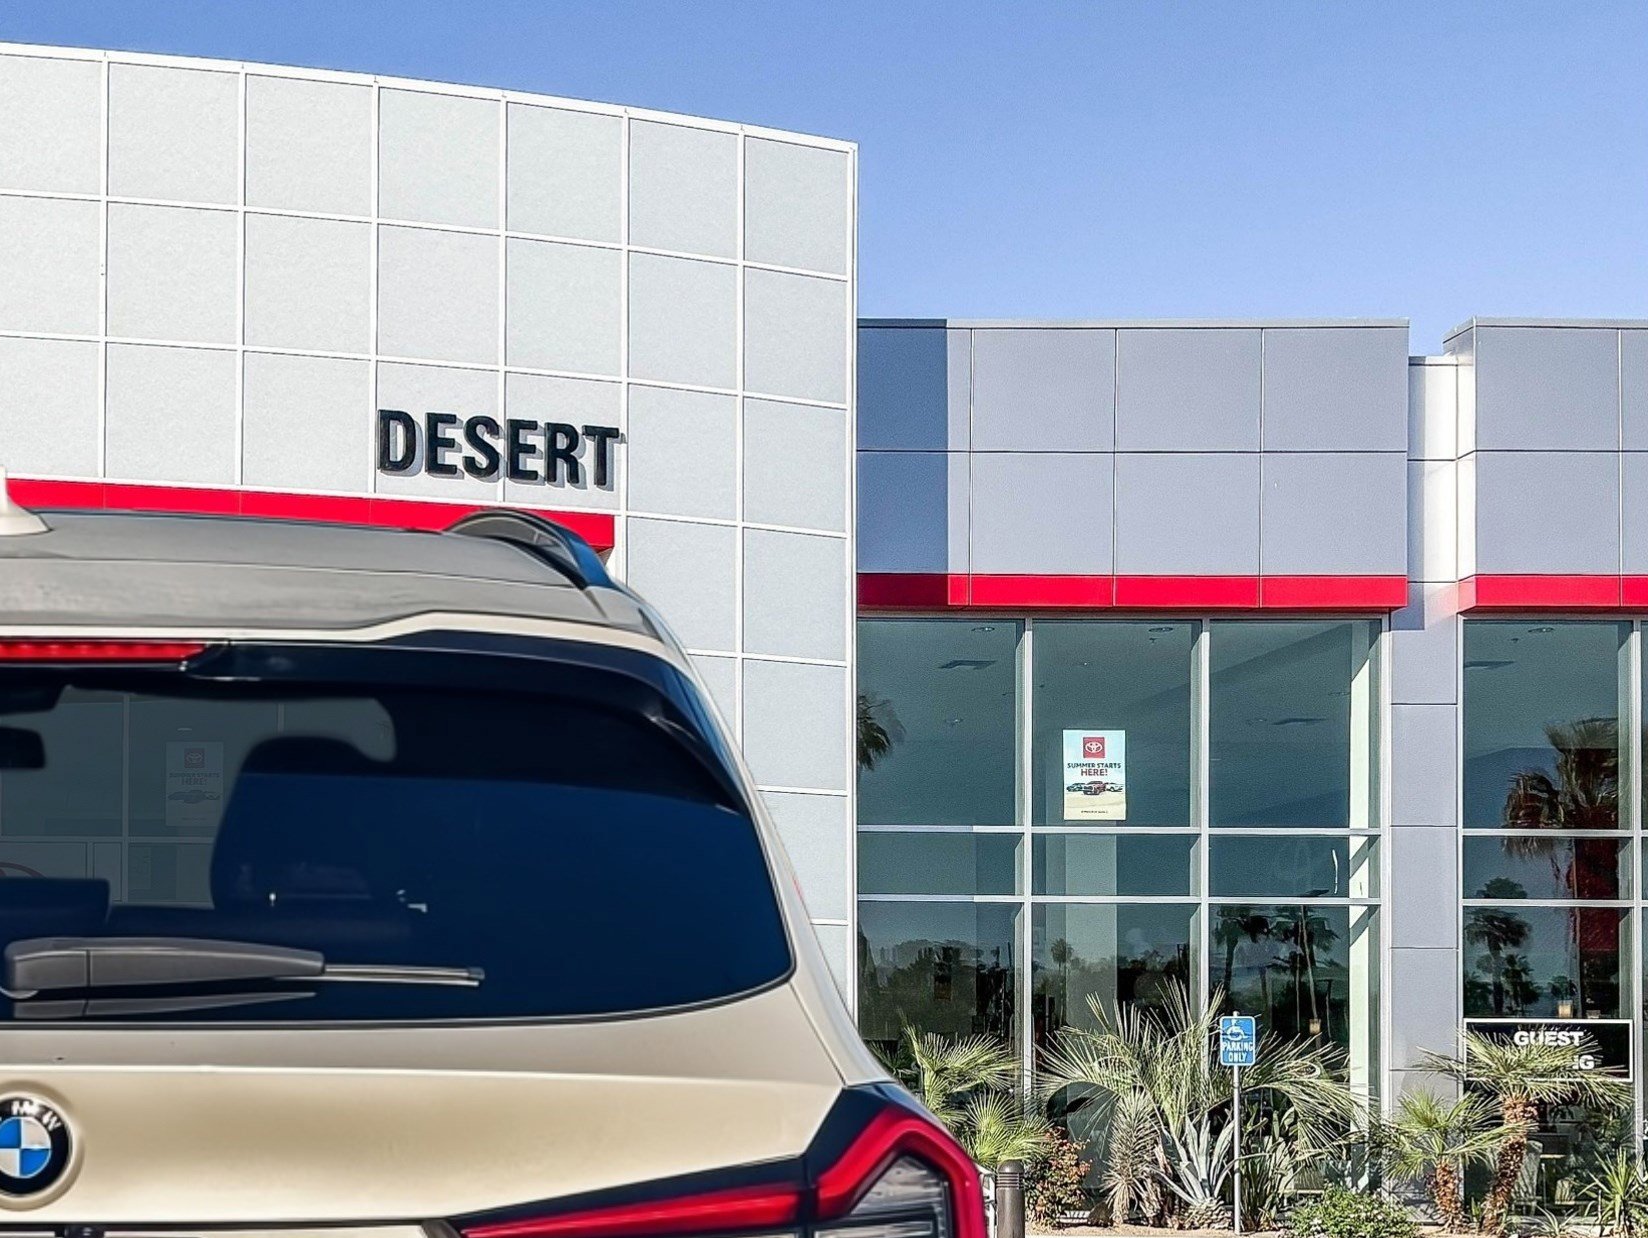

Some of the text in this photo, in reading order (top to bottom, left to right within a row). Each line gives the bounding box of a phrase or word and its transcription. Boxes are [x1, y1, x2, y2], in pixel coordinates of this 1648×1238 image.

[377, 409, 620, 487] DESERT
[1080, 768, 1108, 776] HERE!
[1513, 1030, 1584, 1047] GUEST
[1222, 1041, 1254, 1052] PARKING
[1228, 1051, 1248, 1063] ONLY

» **What this task involves**: Exclude the pictures, then write out every record exactly as it stands.

» **Response for this exercise**:
Some of the text in this photo, in reading order (top to bottom, left to right within a row). Each line gives the bounding box of a phrase or word and its transcription. Boxes are [x1, y1, x2, y2], in pixel coordinates of this 1648×1238 image.

[377, 409, 620, 487] DESERT
[1080, 768, 1108, 776] HERE!
[1513, 1030, 1584, 1047] GUEST
[1222, 1041, 1254, 1052] PARKING
[1228, 1051, 1248, 1063] ONLY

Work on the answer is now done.